What the exercise asks: Your copy of the lines below must match them exactly and contain no images.

Data for this exercise:
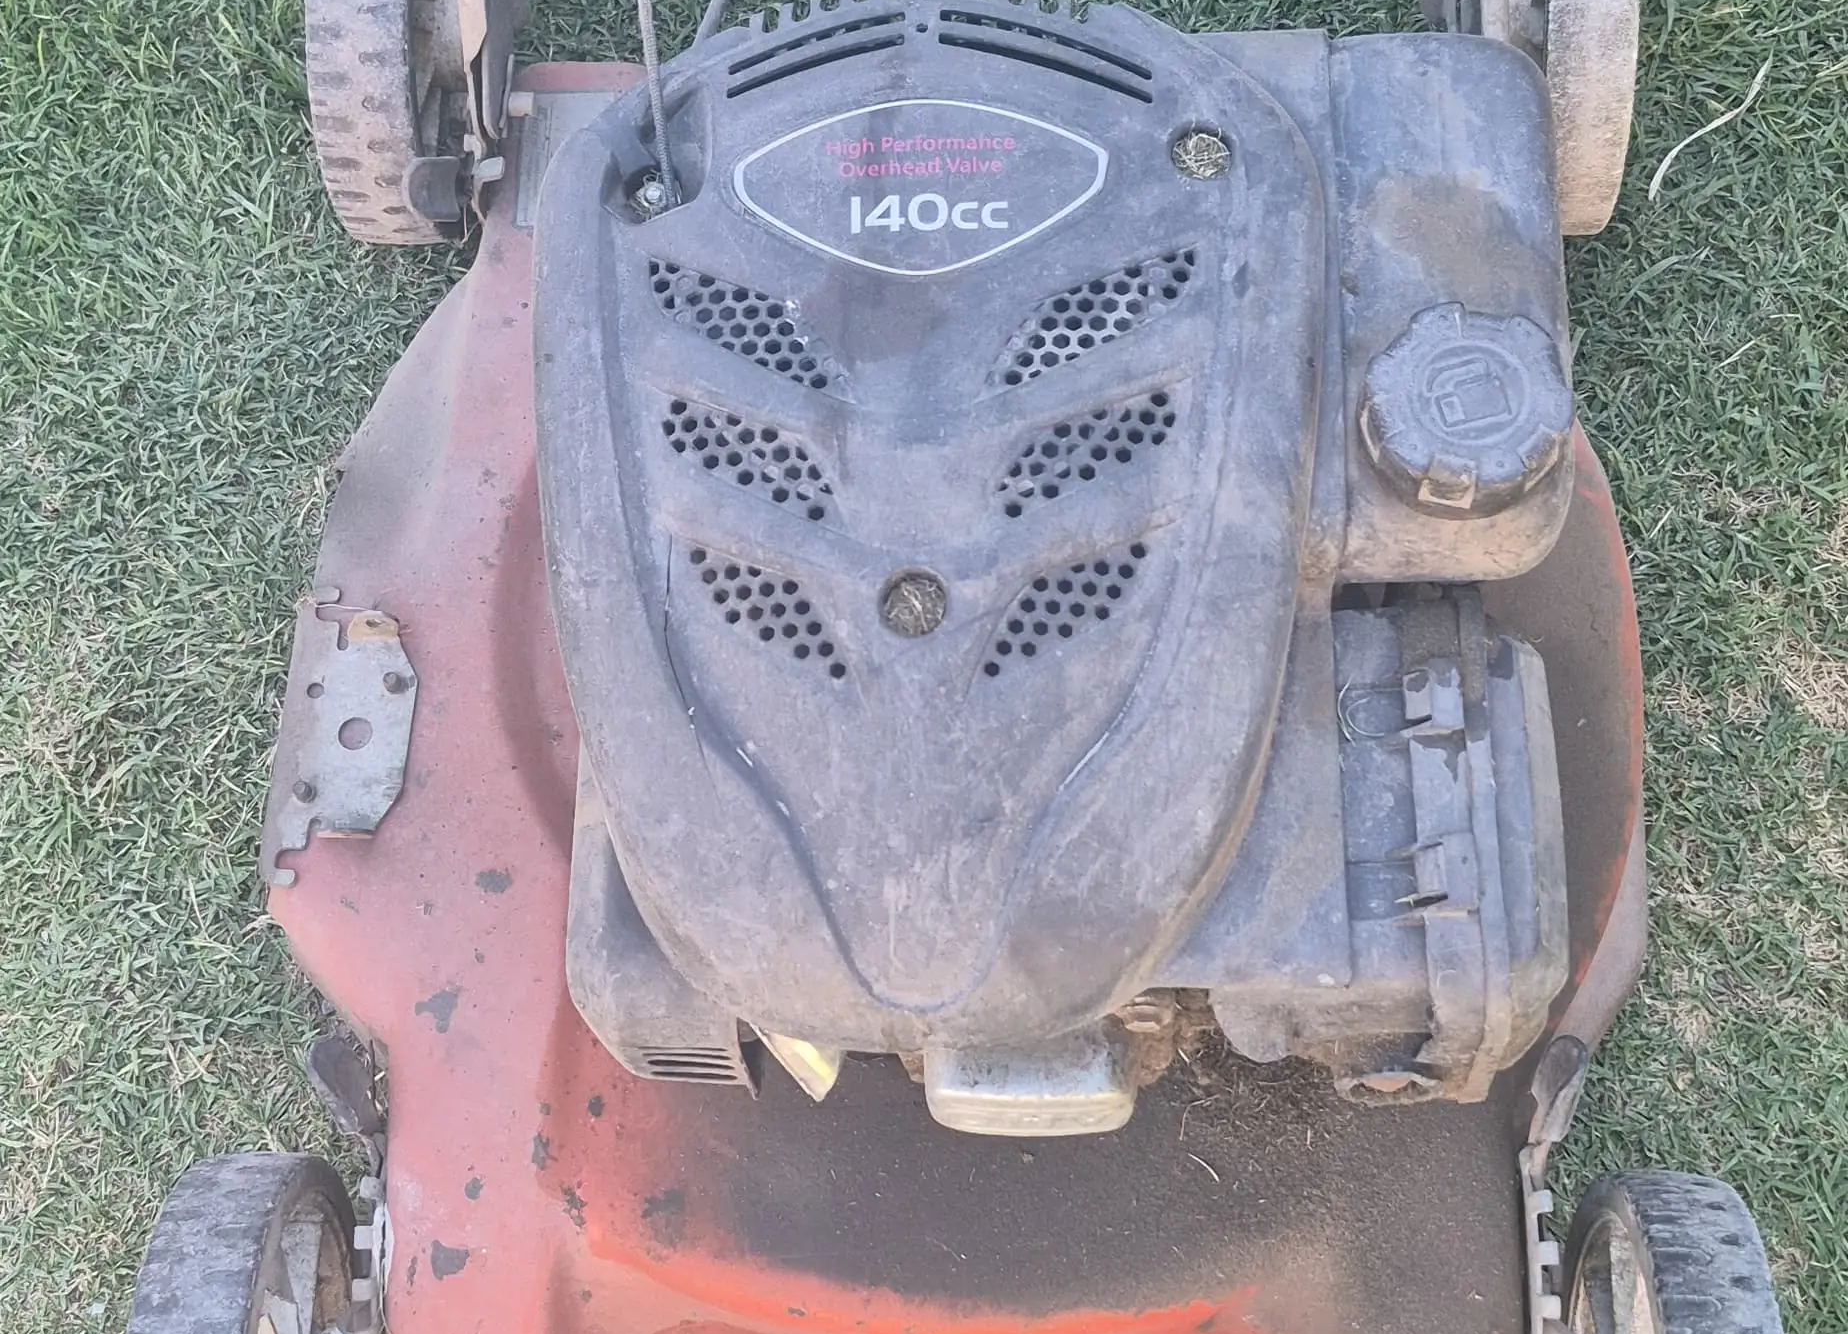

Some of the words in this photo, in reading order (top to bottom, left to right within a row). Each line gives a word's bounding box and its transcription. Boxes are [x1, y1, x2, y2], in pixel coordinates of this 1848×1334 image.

[825, 138, 875, 159] High
[881, 134, 1016, 153] Performance
[838, 157, 941, 178] Overhead
[946, 156, 1003, 174] Valve
[850, 193, 1009, 234] 140cc

Solution to this exercise:
Some of the words in this photo, in reading order (top to bottom, left to right within a row). Each line gives a word's bounding box and its transcription. Boxes are [x1, y1, x2, y2], in pixel coordinates of this 1848×1334 image.

[825, 138, 875, 159] High
[881, 134, 1016, 153] Performance
[838, 157, 941, 178] Overhead
[946, 156, 1003, 174] Valve
[850, 193, 1009, 234] 140cc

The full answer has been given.